[Dataset entries]

* * * * * * *

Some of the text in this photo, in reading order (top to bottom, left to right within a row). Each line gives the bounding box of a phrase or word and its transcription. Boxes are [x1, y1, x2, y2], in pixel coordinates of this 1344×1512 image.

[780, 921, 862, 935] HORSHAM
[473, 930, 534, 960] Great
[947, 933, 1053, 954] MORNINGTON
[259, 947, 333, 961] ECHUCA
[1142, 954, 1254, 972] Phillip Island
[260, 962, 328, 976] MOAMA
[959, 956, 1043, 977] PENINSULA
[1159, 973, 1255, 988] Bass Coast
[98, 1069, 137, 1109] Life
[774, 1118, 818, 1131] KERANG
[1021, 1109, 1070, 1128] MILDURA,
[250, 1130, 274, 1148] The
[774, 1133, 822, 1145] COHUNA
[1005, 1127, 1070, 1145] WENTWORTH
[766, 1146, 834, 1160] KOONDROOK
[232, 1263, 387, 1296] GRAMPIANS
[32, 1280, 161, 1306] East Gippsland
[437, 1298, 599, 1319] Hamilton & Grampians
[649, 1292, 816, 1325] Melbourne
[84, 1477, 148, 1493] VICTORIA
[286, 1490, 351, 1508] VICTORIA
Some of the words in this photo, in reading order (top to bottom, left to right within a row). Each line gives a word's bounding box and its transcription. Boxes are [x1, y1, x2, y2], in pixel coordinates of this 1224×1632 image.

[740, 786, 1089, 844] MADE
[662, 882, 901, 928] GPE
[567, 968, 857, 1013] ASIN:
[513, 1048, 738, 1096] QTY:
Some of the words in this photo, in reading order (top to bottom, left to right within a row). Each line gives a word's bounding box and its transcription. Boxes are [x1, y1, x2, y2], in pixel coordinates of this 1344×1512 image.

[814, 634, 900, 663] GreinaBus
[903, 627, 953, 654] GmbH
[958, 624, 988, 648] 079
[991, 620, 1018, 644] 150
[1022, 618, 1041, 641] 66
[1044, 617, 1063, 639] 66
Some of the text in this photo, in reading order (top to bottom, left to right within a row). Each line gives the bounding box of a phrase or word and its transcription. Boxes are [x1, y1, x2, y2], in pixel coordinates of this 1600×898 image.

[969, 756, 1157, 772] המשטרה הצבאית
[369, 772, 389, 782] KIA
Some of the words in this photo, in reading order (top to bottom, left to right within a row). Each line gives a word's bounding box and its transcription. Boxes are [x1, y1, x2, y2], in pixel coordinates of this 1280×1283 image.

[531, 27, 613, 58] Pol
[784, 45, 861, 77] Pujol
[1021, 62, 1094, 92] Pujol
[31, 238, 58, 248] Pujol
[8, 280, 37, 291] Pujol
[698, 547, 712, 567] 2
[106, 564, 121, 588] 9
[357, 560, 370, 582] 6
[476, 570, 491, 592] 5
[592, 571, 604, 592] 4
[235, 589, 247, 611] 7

* * * * * * *

▶ **Prompt**
Exact copies of every record are required.

▶ **Solution to this problem**
Some of the text in this photo, in reading order (top to bottom, left to right within a row). Each line gives the bounding box of a phrase or word and its transcription. Boxes are [x1, y1, x2, y2], in pixel coordinates of this 1344×1512 image.

[780, 921, 862, 935] HORSHAM
[473, 930, 534, 960] Great
[947, 933, 1053, 954] MORNINGTON
[259, 947, 333, 961] ECHUCA
[1142, 954, 1254, 972] Phillip Island
[260, 962, 328, 976] MOAMA
[959, 956, 1043, 977] PENINSULA
[1159, 973, 1255, 988] Bass Coast
[98, 1069, 137, 1109] Life
[774, 1118, 818, 1131] KERANG
[1021, 1109, 1070, 1128] MILDURA,
[250, 1130, 274, 1148] The
[774, 1133, 822, 1145] COHUNA
[1005, 1127, 1070, 1145] WENTWORTH
[766, 1146, 834, 1160] KOONDROOK
[232, 1263, 387, 1296] GRAMPIANS
[32, 1280, 161, 1306] East Gippsland
[437, 1298, 599, 1319] Hamilton & Grampians
[649, 1292, 816, 1325] Melbourne
[84, 1477, 148, 1493] VICTORIA
[286, 1490, 351, 1508] VICTORIA
Some of the words in this photo, in reading order (top to bottom, left to right within a row). Each line gives a word's bounding box and its transcription. Boxes are [x1, y1, x2, y2], in pixel coordinates of this 1224×1632 image.

[740, 786, 1089, 844] MADE
[662, 882, 901, 928] GPE
[567, 968, 857, 1013] ASIN:
[513, 1048, 738, 1096] QTY:
Some of the words in this photo, in reading order (top to bottom, left to right within a row). Each line gives a word's bounding box and its transcription. Boxes are [x1, y1, x2, y2], in pixel coordinates of this 1344×1512 image.

[814, 634, 900, 663] GreinaBus
[903, 627, 953, 654] GmbH
[958, 624, 988, 648] 079
[991, 620, 1018, 644] 150
[1022, 618, 1041, 641] 66
[1044, 617, 1063, 639] 66
Some of the text in this photo, in reading order (top to bottom, left to right within a row). Each line gives the bounding box of a phrase or word and its transcription. Boxes are [x1, y1, x2, y2], in pixel coordinates of this 1600×898 image.

[969, 756, 1157, 772] המשטרה הצבאית
[369, 772, 389, 782] KIA
Some of the words in this photo, in reading order (top to bottom, left to right within a row). Each line gives a word's bounding box and its transcription. Boxes are [x1, y1, x2, y2], in pixel coordinates of this 1280×1283 image.

[531, 27, 613, 58] Pol
[784, 45, 861, 77] Pujol
[1021, 62, 1094, 92] Pujol
[31, 238, 58, 248] Pujol
[8, 280, 37, 291] Pujol
[698, 547, 712, 567] 2
[106, 564, 121, 588] 9
[357, 560, 370, 582] 6
[476, 570, 491, 592] 5
[592, 571, 604, 592] 4
[235, 589, 247, 611] 7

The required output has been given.